What needs to be done
Drop every image, then reproduce the data exactly as given.

Data shown
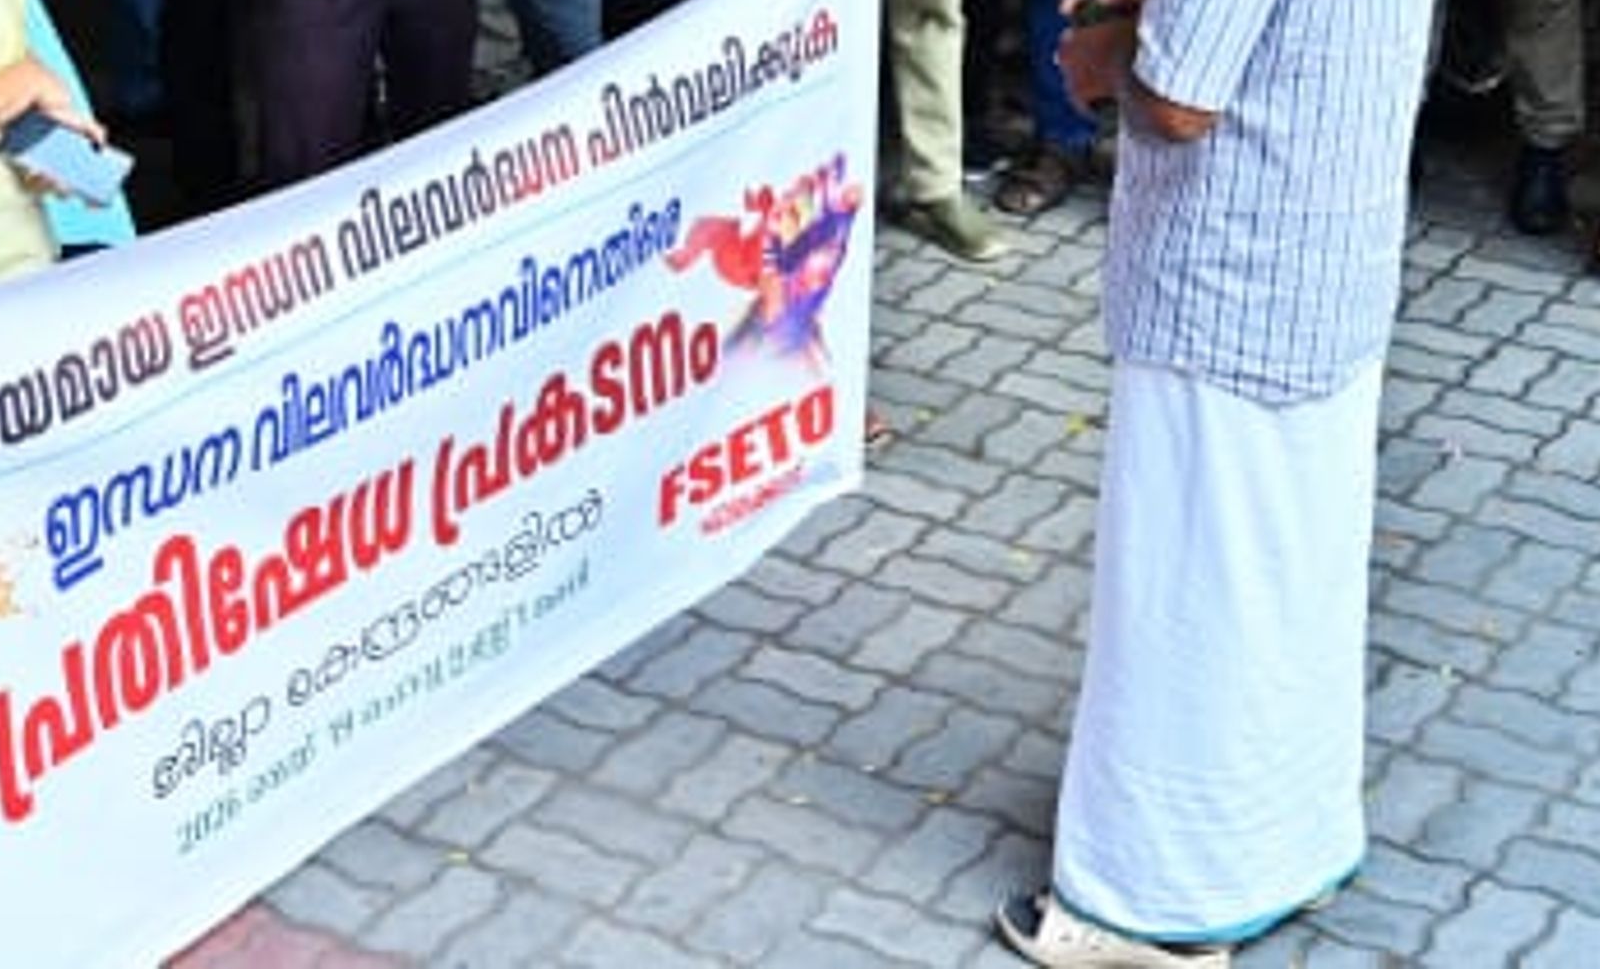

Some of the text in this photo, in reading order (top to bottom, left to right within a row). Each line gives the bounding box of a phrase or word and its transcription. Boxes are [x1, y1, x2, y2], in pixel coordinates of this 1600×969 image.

[180, 234, 332, 372] ഇന്ധന
[338, 123, 581, 278] വിലവർദ്ധന
[588, 9, 839, 169] പിൻവലിക്കുക
[46, 198, 683, 591] ഇന്ധന വിലവർദ്ധനവിനെതിരെ
[431, 311, 718, 548] പ്രകടനം
[658, 385, 834, 528] FSETO
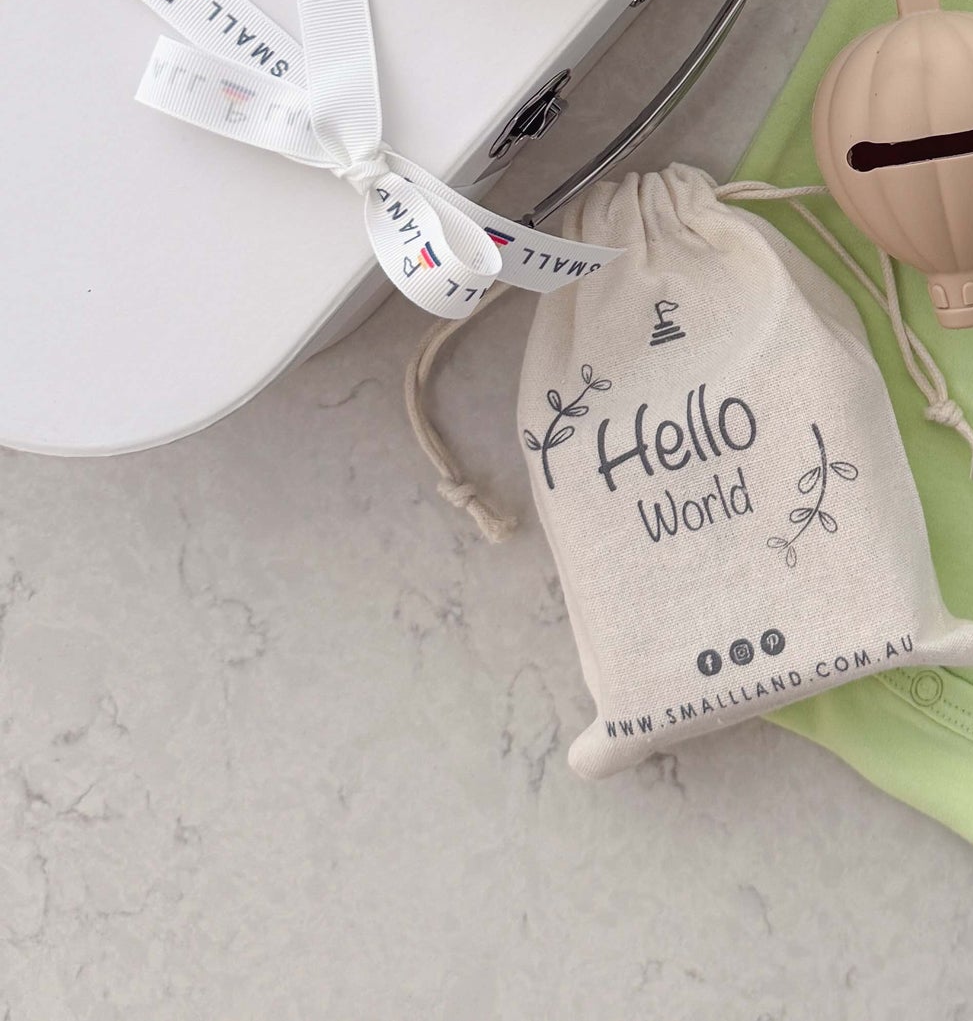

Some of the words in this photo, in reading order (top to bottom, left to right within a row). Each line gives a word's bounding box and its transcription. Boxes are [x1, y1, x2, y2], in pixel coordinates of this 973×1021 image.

[208, 1, 290, 78] SMALL
[376, 188, 421, 245] LAND
[597, 384, 757, 492] Hello
[637, 466, 754, 543] World
[606, 634, 914, 738] WWW.SMALLLAND.COM.AU
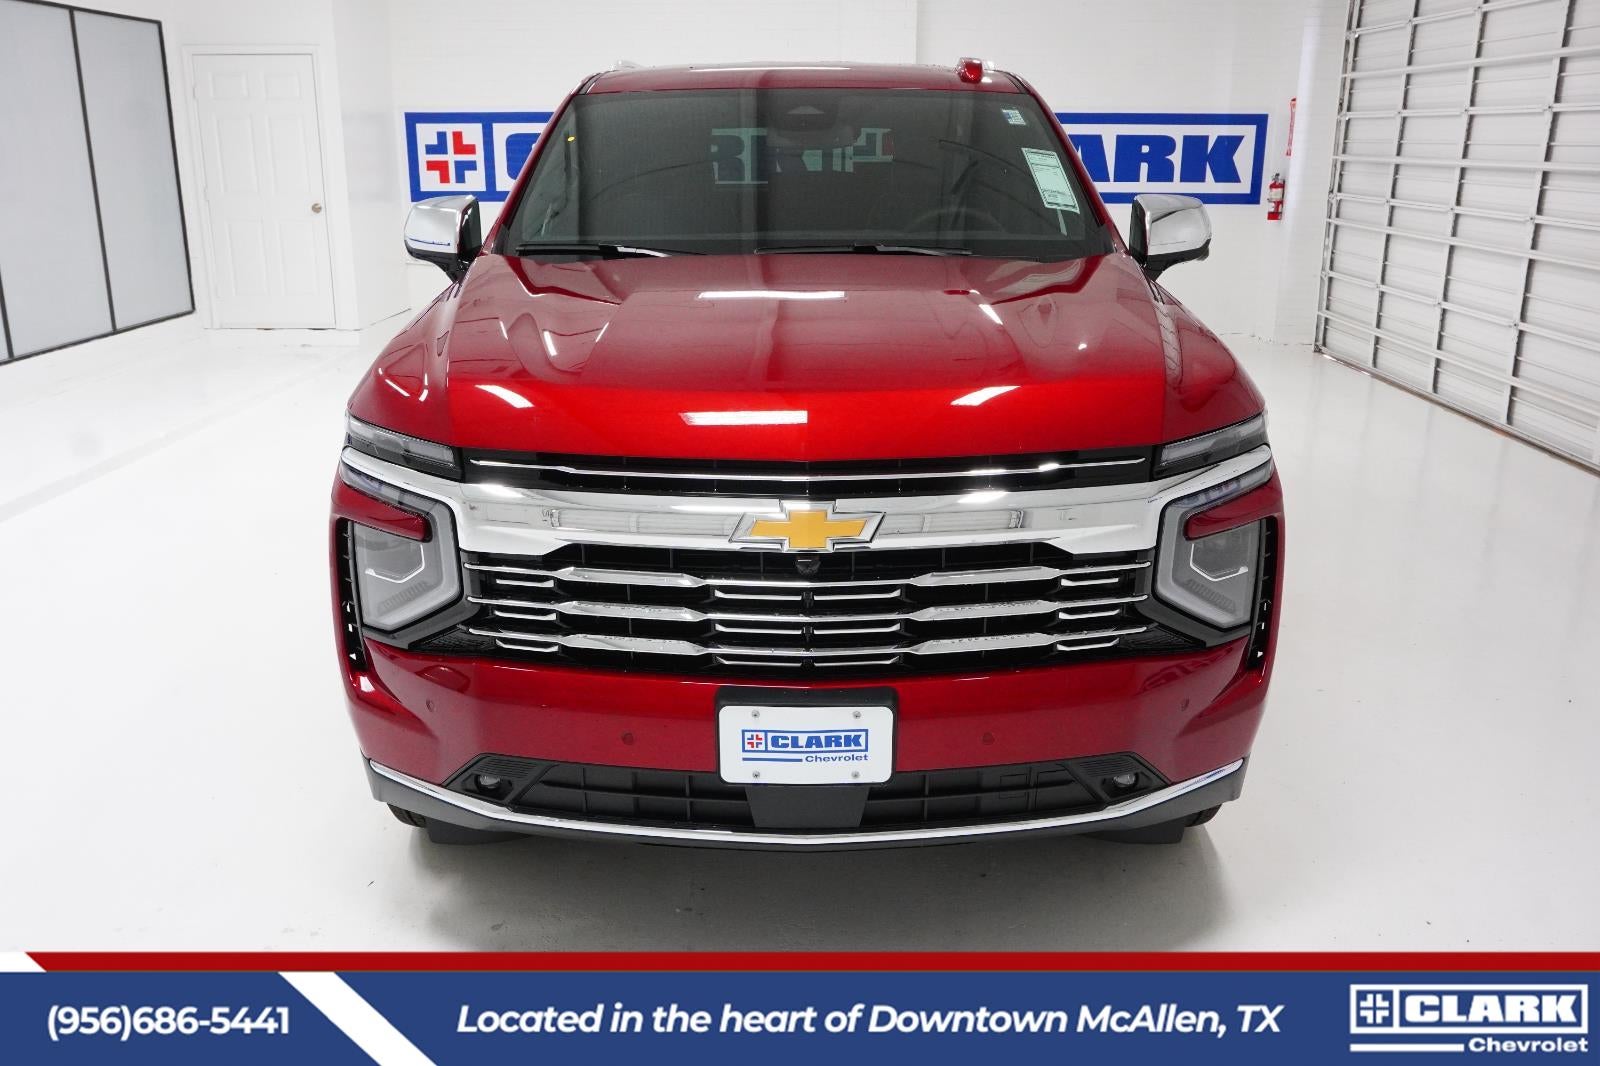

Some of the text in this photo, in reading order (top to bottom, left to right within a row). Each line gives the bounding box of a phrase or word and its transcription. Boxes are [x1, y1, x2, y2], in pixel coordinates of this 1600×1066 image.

[1068, 134, 1245, 184] ARK
[770, 734, 863, 749] CLARK
[805, 753, 869, 763] Chevrolet
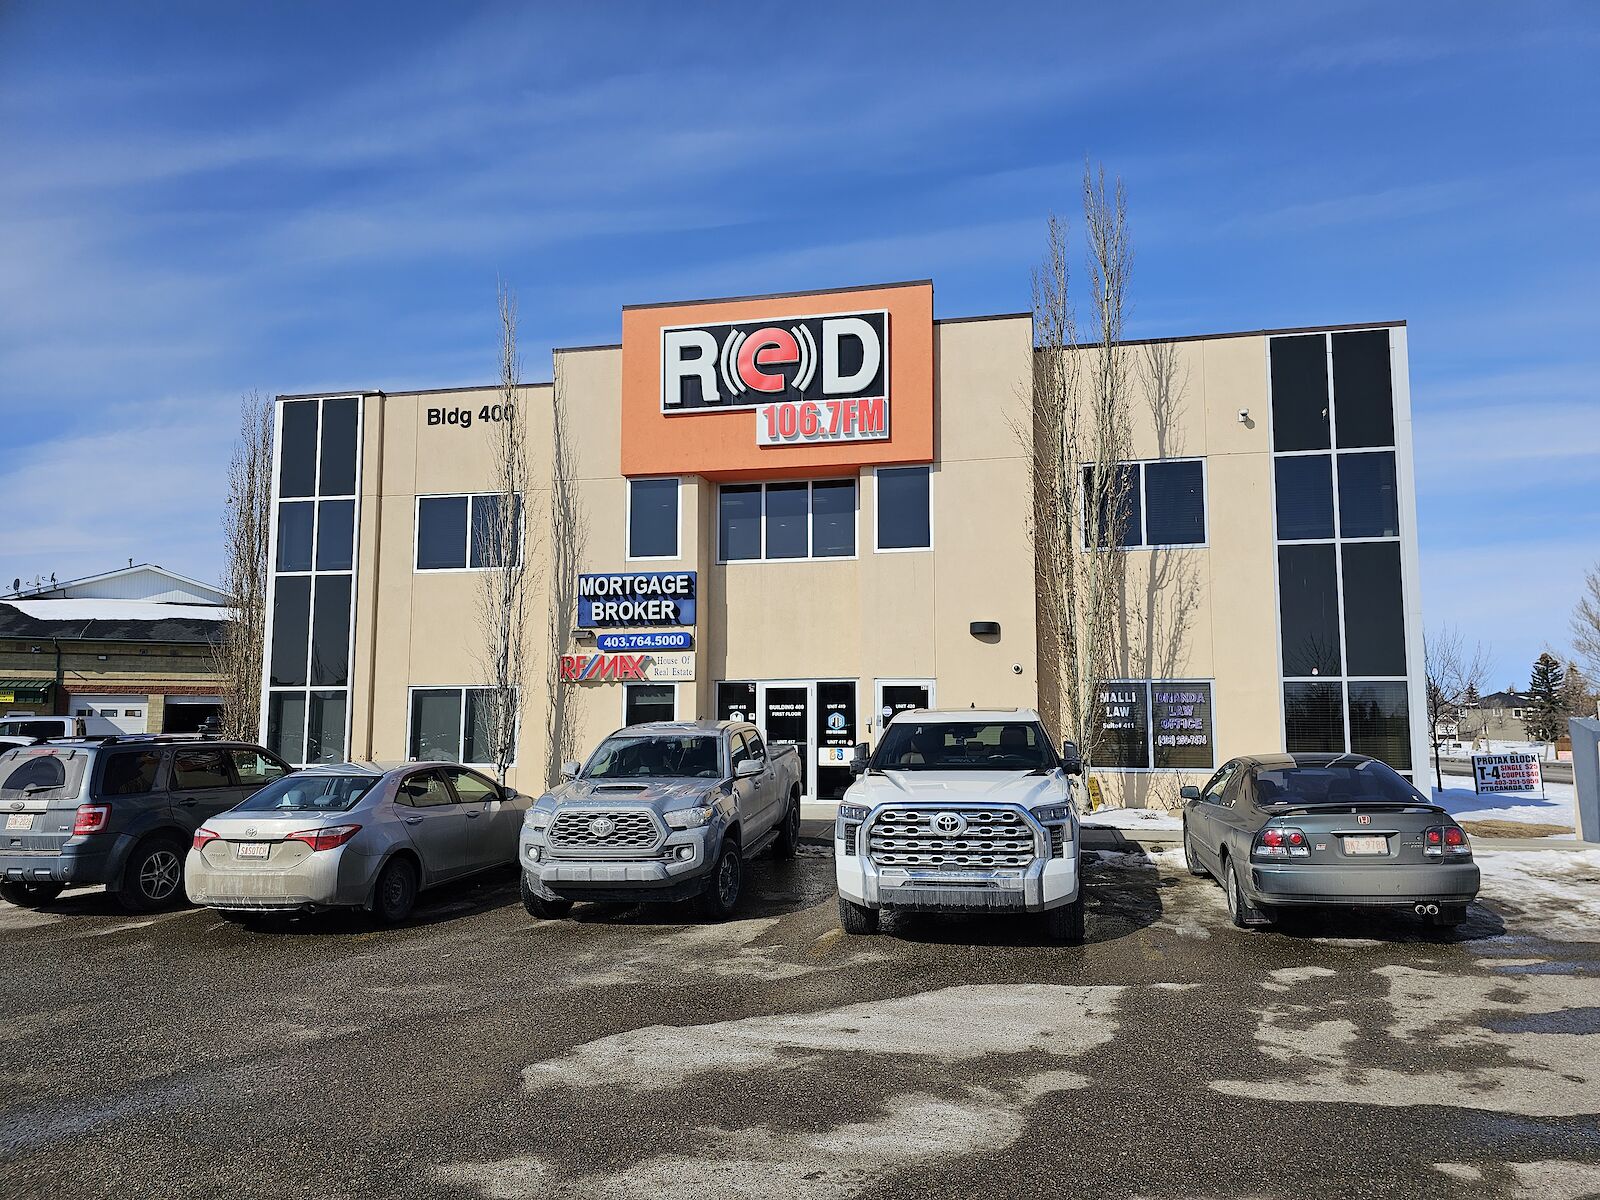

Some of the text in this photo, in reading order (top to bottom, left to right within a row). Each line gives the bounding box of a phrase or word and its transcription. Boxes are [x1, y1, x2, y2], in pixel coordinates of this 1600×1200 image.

[427, 404, 515, 428] Bldg 400
[762, 398, 884, 437] 106.7FM
[579, 574, 689, 596] MORTGAGE
[591, 600, 676, 621] BROKER
[603, 635, 685, 647] 403.764.5000
[657, 655, 691, 665] House Of
[560, 653, 646, 681] RE/MAX
[654, 667, 693, 676] Real Estate
[1105, 706, 1130, 717] LAW
[1168, 705, 1194, 716] LAW
[1160, 718, 1203, 729] OFFICE
[1476, 754, 1537, 766] PROTAX BLOCK
[1477, 766, 1501, 780] T-4
[1501, 771, 1525, 779] COUPLE
[1480, 784, 1535, 792] PTBCANADA.CA

Answer for the task
Some of the text in this photo, in reading order (top to bottom, left to right within a row). Each line gives the bounding box of a phrase or word and its transcription. Boxes are [x1, y1, x2, y2], in pixel coordinates of this 1600×969 image.

[180, 234, 332, 372] ഇന്ധന
[338, 123, 581, 278] വിലവർദ്ധന
[588, 9, 839, 169] പിൻവലിക്കുക
[46, 198, 683, 591] ഇന്ധന വിലവർദ്ധനവിനെതിരെ
[431, 311, 718, 548] പ്രകടനം
[658, 385, 834, 528] FSETO

Some of the words in this photo, in reading order (top to bottom, left to right within a row). Each line gives a word's bounding box and its transcription. Boxes are [x1, y1, x2, y2], in pixel coordinates of this 973×1021 image.

[208, 1, 290, 78] SMALL
[376, 188, 421, 245] LAND
[597, 384, 757, 492] Hello
[637, 466, 754, 543] World
[606, 634, 914, 738] WWW.SMALLLAND.COM.AU

Some of the text in this photo, in reading order (top to bottom, left to right within a row). Each line gives the bounding box of a phrase or word and its transcription. Boxes are [x1, y1, x2, y2], in pixel coordinates of this 1600×1066 image.

[1068, 134, 1245, 184] ARK
[770, 734, 863, 749] CLARK
[805, 753, 869, 763] Chevrolet

Some of the text in this photo, in reading order (top to bottom, left to right within a row). Each line gives the bounding box of a phrase or word and its transcription. Boxes are [x1, y1, x2, y2], in pixel coordinates of this 1600×1200 image.

[427, 404, 515, 428] Bldg 400
[762, 398, 884, 437] 106.7FM
[579, 574, 689, 596] MORTGAGE
[591, 600, 676, 621] BROKER
[603, 635, 685, 647] 403.764.5000
[657, 655, 691, 665] House Of
[560, 653, 646, 681] RE/MAX
[654, 667, 693, 676] Real Estate
[1105, 706, 1130, 717] LAW
[1168, 705, 1194, 716] LAW
[1160, 718, 1203, 729] OFFICE
[1476, 754, 1537, 766] PROTAX BLOCK
[1477, 766, 1501, 780] T-4
[1501, 771, 1525, 779] COUPLE
[1480, 784, 1535, 792] PTBCANADA.CA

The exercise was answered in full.